Students who are gifted and talented will often spend a majority of their school day in the regular classroom. Gifted students often receive gifted support in the form of pullout programs or other enrichment programs. These programs are often not more than a couple hours a week. It is important to remember that gifted students are gifted at all times of the day and should be appropriately challenged no matter where their education is happening.
Definitions of Differentiation Components:
- Content – the specific information that is to be taught in the lesson/unit/course of instruction.
- Process – how the student will acquire the content information.
- Product – how the student will demonstrate understanding of the content.
- Learning Environment – the environment where learning is taking place including physical location and/or student grouping
To meet the needs of gifted students, school districts will often differentiate instruction. There are many differentiation strategies that districts will often use to meet the needs of gifted students.
Below are some popular strategies:
- Anchor Activities: Provides students with meaningful activities that can be completed independently. May be leveled to students individual needs.
- Activity Menus
- Also known as choice menus.
- Integrate student choice, multiple learning strategies. Menu could be content specific or cross subject.
- Cubing/Think Dots/Tic Tack Toe Boards
- Allows students to think in multiple directions and to differentiate process and product for students with different learning strengths.
- Curriculum Compacting
- A popular model in the gifted world. Allows curriculum to be adjusted or skipped based on prior knowledge. Students received pre-assessment to find out what they already know and what they still need to be taught.
- Independent Study
- Students research topics based on interest. With gifted students, try to use connections to real life problems or situations.
- Learning Centers
- Centers may be permanent or temporary. Could be author study, specific content, etc.
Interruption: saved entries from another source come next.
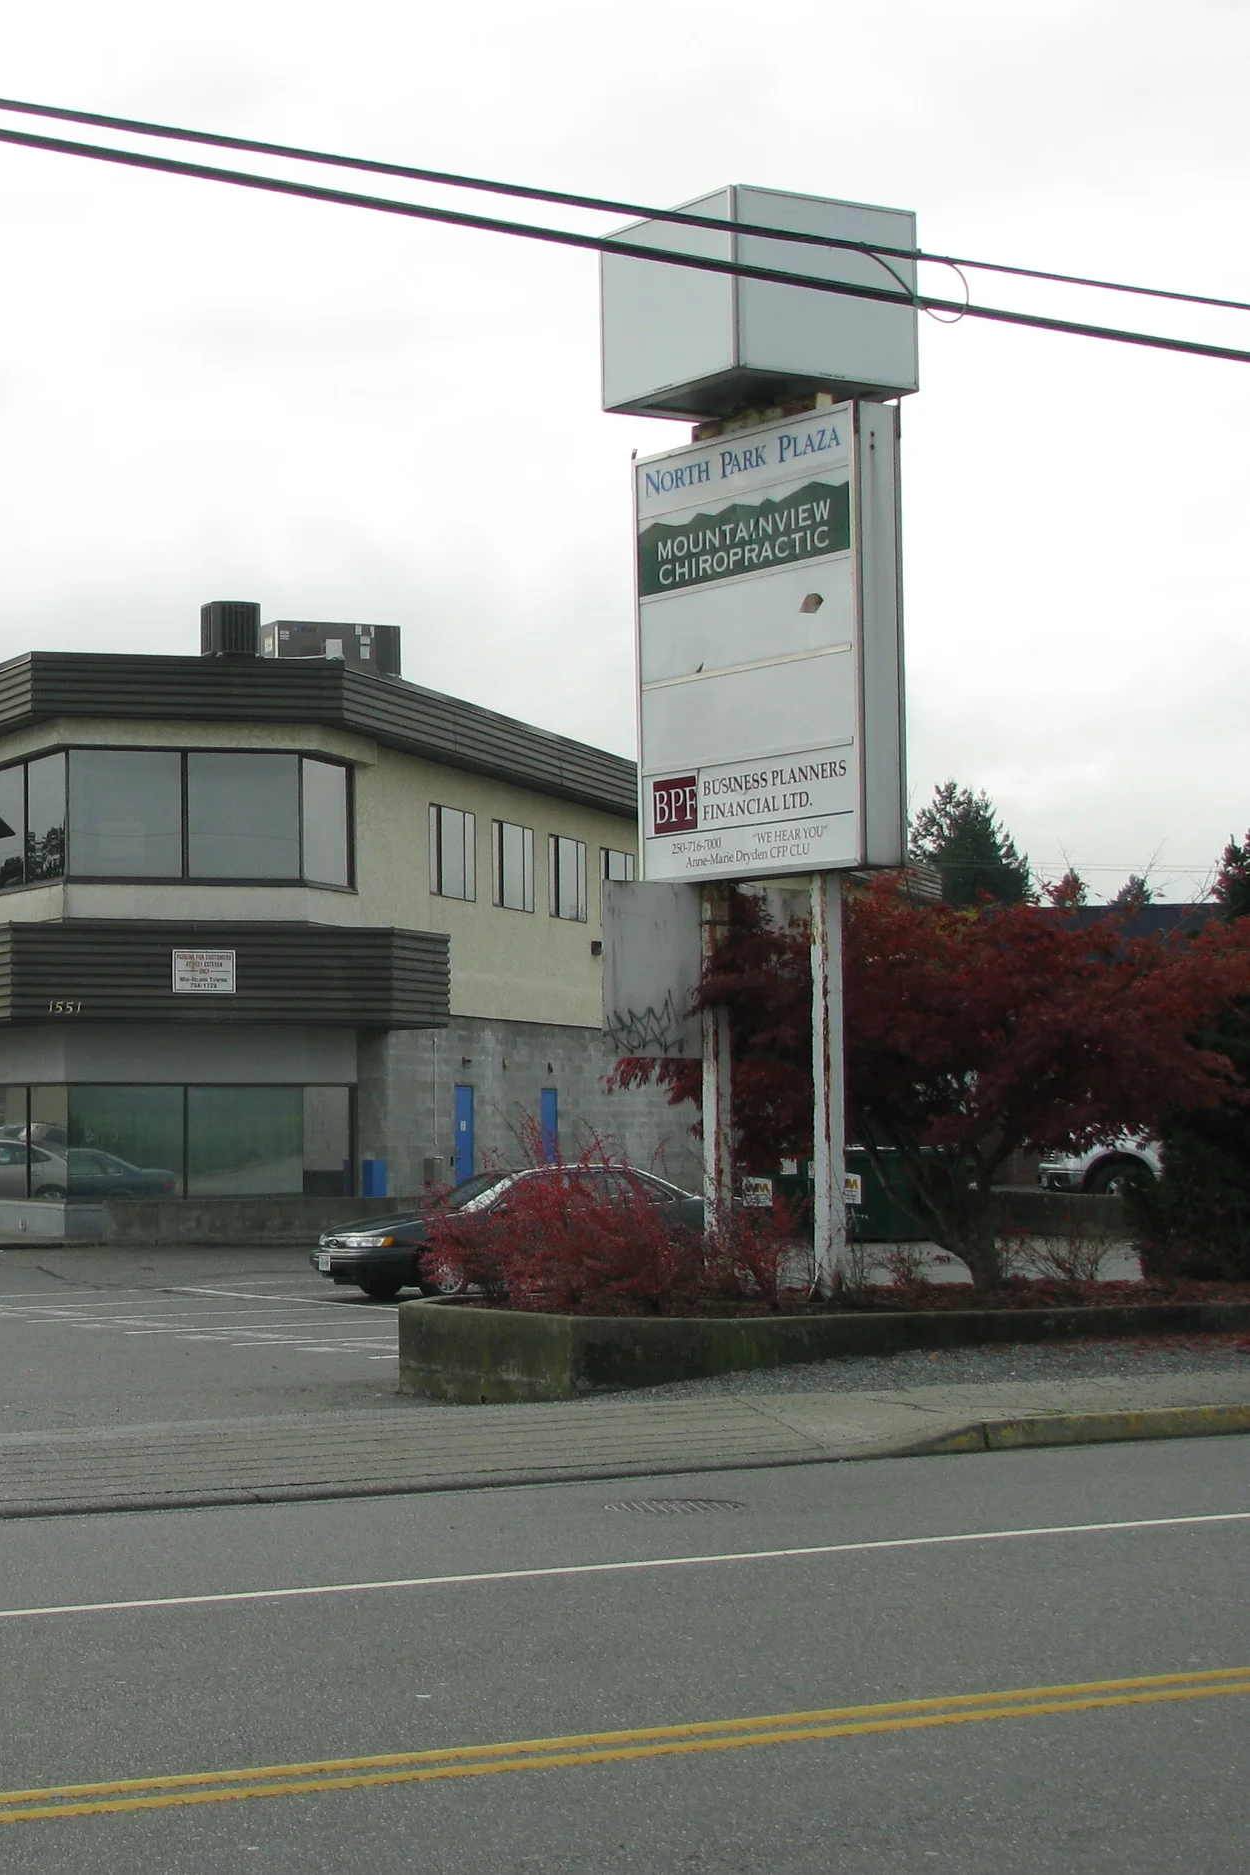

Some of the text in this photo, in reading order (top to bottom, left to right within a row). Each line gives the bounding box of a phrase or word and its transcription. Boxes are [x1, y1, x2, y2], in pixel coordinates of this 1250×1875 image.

[645, 426, 841, 498] NORTH PARK PLAZA
[657, 498, 831, 562] MOUNTAINVIEW
[658, 526, 830, 586] CHIROPRACTIC
[703, 759, 847, 797] BUSINESS PLANNERS
[654, 785, 697, 824] BPF
[703, 791, 813, 821] FINANCIAL LTD.
[774, 829, 800, 842] HEAR
[686, 843, 810, 869] Anne-Marie Dryden CFP CLU
[49, 1001, 82, 1014] 1551
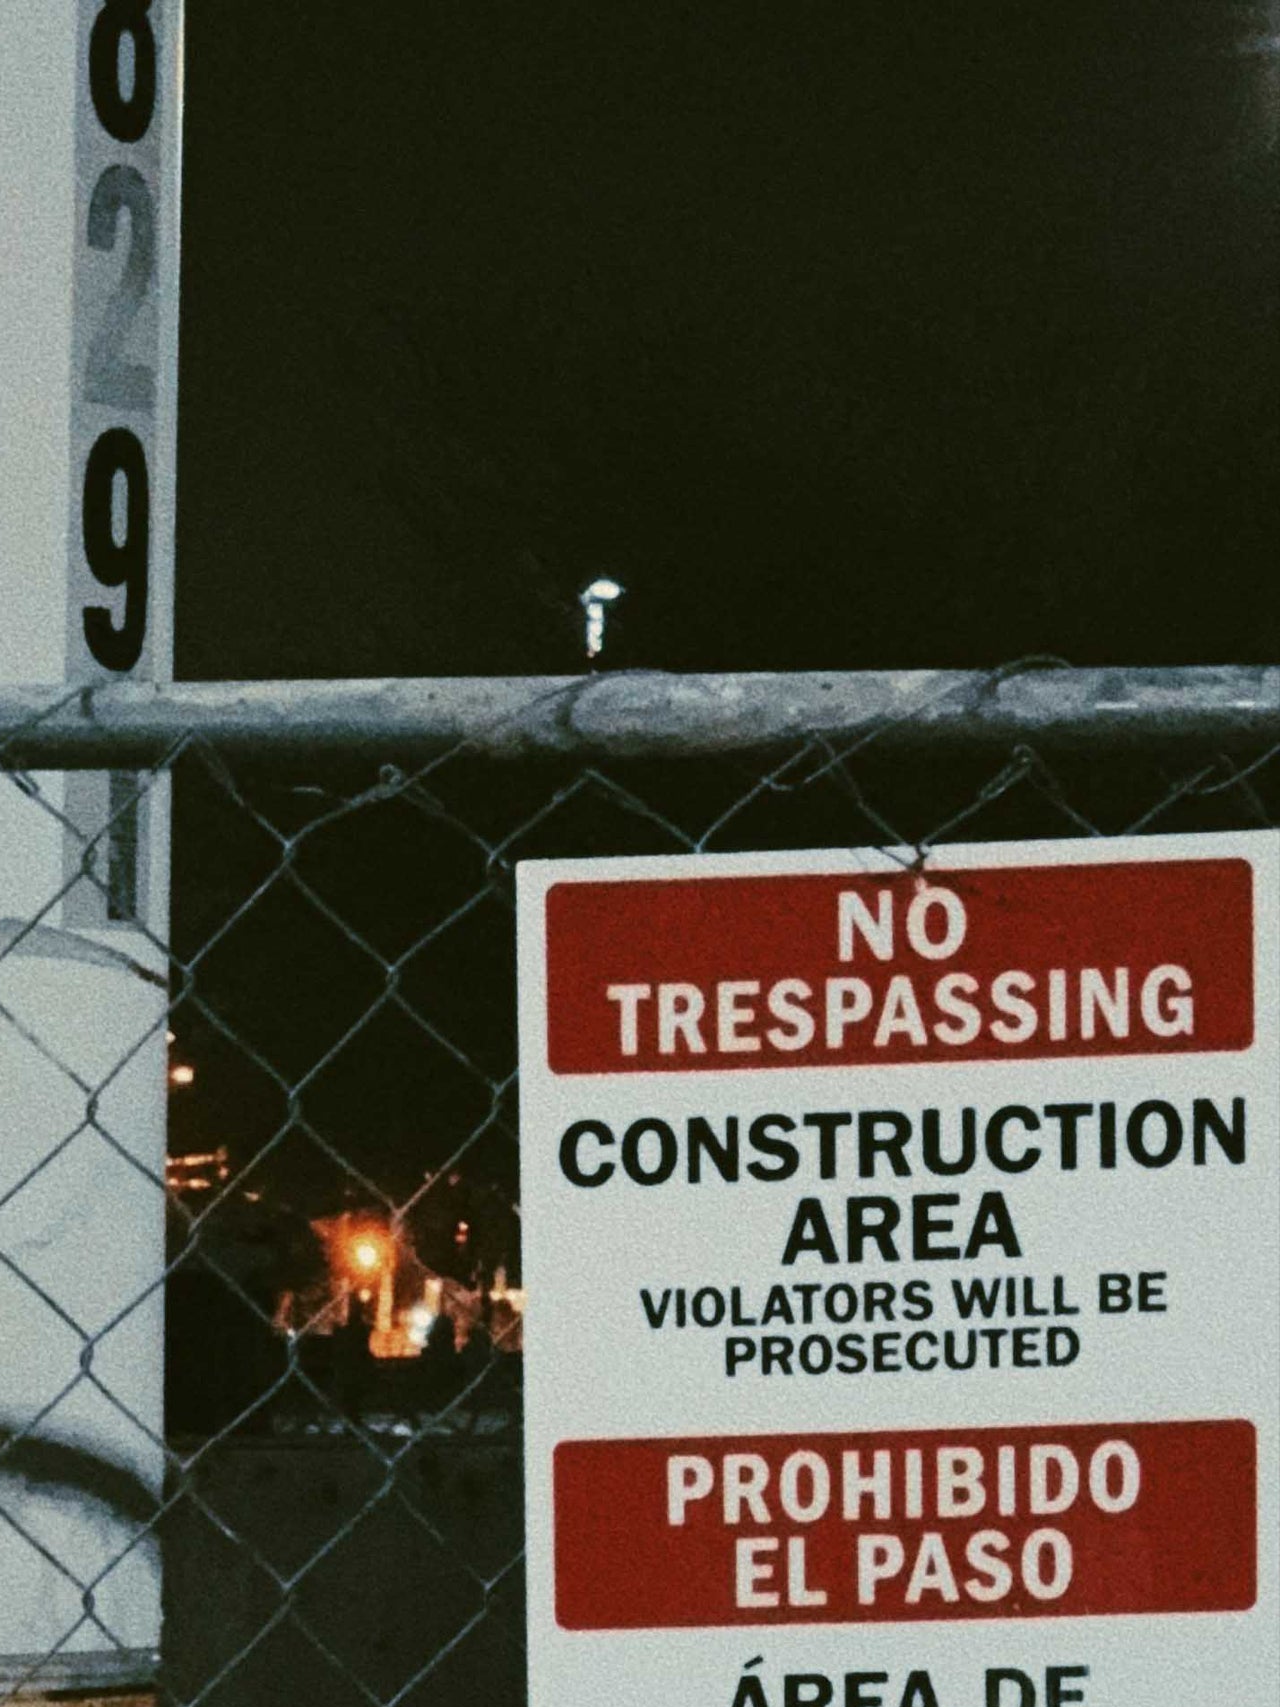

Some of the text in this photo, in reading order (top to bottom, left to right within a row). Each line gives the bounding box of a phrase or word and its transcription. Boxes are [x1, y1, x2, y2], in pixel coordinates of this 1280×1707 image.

[838, 887, 966, 961] NO
[607, 965, 1195, 1056] TRESPASSING
[559, 1097, 1246, 1188] CONSTRUCTION
[781, 1191, 1022, 1265] AREA
[640, 1271, 1167, 1329] VIOLATORS WILL BE
[725, 1326, 1080, 1377] PROSECUTED
[667, 1440, 1140, 1525] PROHIBIDO
[736, 1528, 1072, 1608] EL PASO
Signs that Differentiation is occurring in the classroom:
- Consistent use of pre-testing.
- Decrease in the frequency of large group activities and increase in the frequency of activities utilizing small flexible groups
- Evidence of advanced content and acceleration opportunities.
- Collaborative effort among teachers, students, and parents.
- Encouragement to complete assignments in alternative environments such as the library, art room or another classroom more conducive to the requirements of the assignment(s).
- Increase use of a variety of materials, community resources, and technological services.
- Learning objectives that vary in depth and breadth.
- Instruction that uses a variety of teaching methods such as inductive, deductive and hands-on strategies
- Use of flexible pacing.
- Use of curriculum compacting, tiered assignments, and parallel curriculum.
- Products that vary in complexity and abstractness.
- Differentiated homework assignments – elimination of drill and practice – based on student’s needs
- Open-ended questioning and assignments – use of Bloom’s Taxonomy to provide challenge.
- Emphasis on higher order thinking skills.
- Use of Learning Contracts.
- Flexible Teacher who is willing to negotiate assignments-one who encourages student self-advocacy.